On Monday, 22 Aug 2011, Carleton lost all internet connectivity, via all providers, including Internet2, for a period of approximately five and a half hours from around 5PM until near 10:30PM. This was caused by a hardware failure in our border router.
All service has been restored.
Here are more details:
Shortly after 5PM on Monday, ITS became aware that internet access had suddenly stopped. Upon investigation, our border router (a Cisco 7206VXR) had failed and was attempting to reboot.
The router was unable to reboot successfully, so troubleshooting began at approximately 5:20. Chris Dlugosz, Carleton’s Network Manager, opened a case with Cisco TAC (Technical Assistant Center) around 5:40PM, and by 6:05, TAC had diagnosed a hardware failure in the router’s CPU. We maintain 24x7x4hour service on this device, so TAC informed Chris that a replacement part would be arriving in Northfield around 9PM.
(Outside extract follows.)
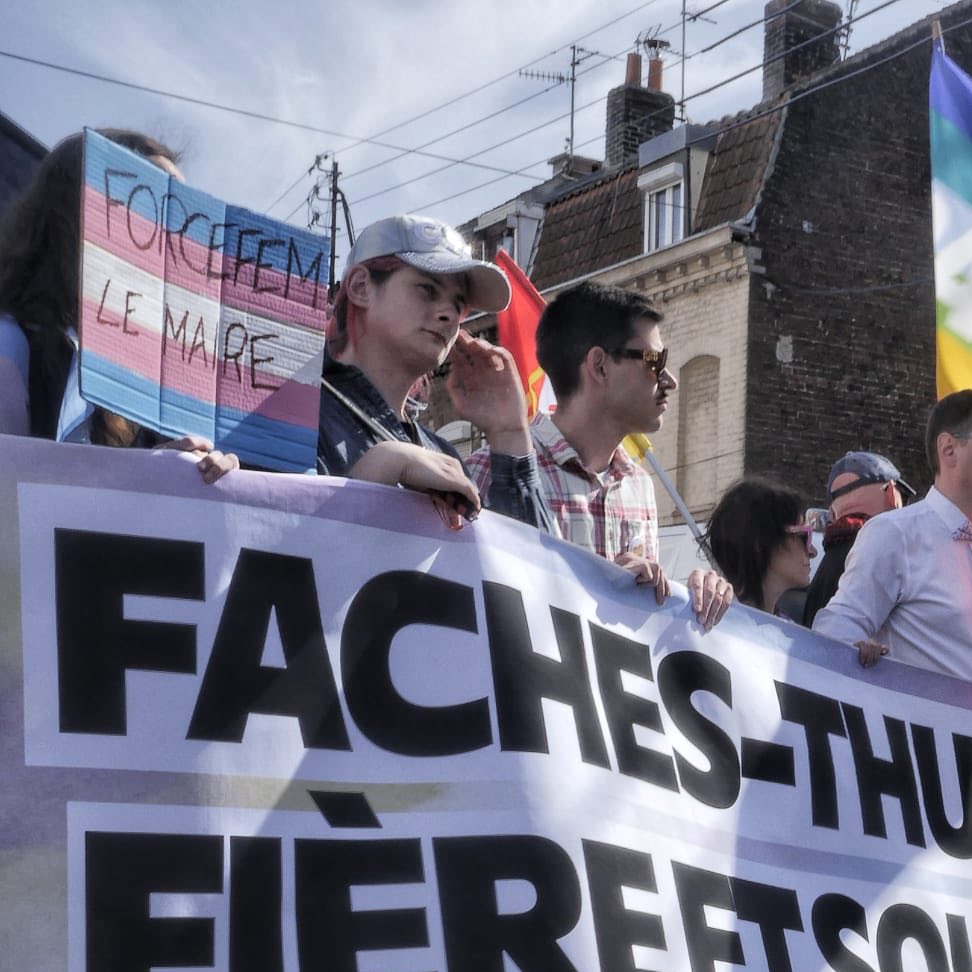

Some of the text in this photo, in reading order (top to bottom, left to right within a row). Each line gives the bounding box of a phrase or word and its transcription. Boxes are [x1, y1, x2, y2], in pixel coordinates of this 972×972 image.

The replacement parts arrived as scheduled, and with the assistance of TAC, an attempt was made to salvage any meaningful crash or configuration data from the failed router components. After an unsuccessful attempt to retrieve the last known configuration from the failed device, Chris swapped the various memory and solid-state disks into the new hardware and was able to bring the new device on-line, using an older configuration backup. The router was able to begin passing internet traffic around 10:30PM.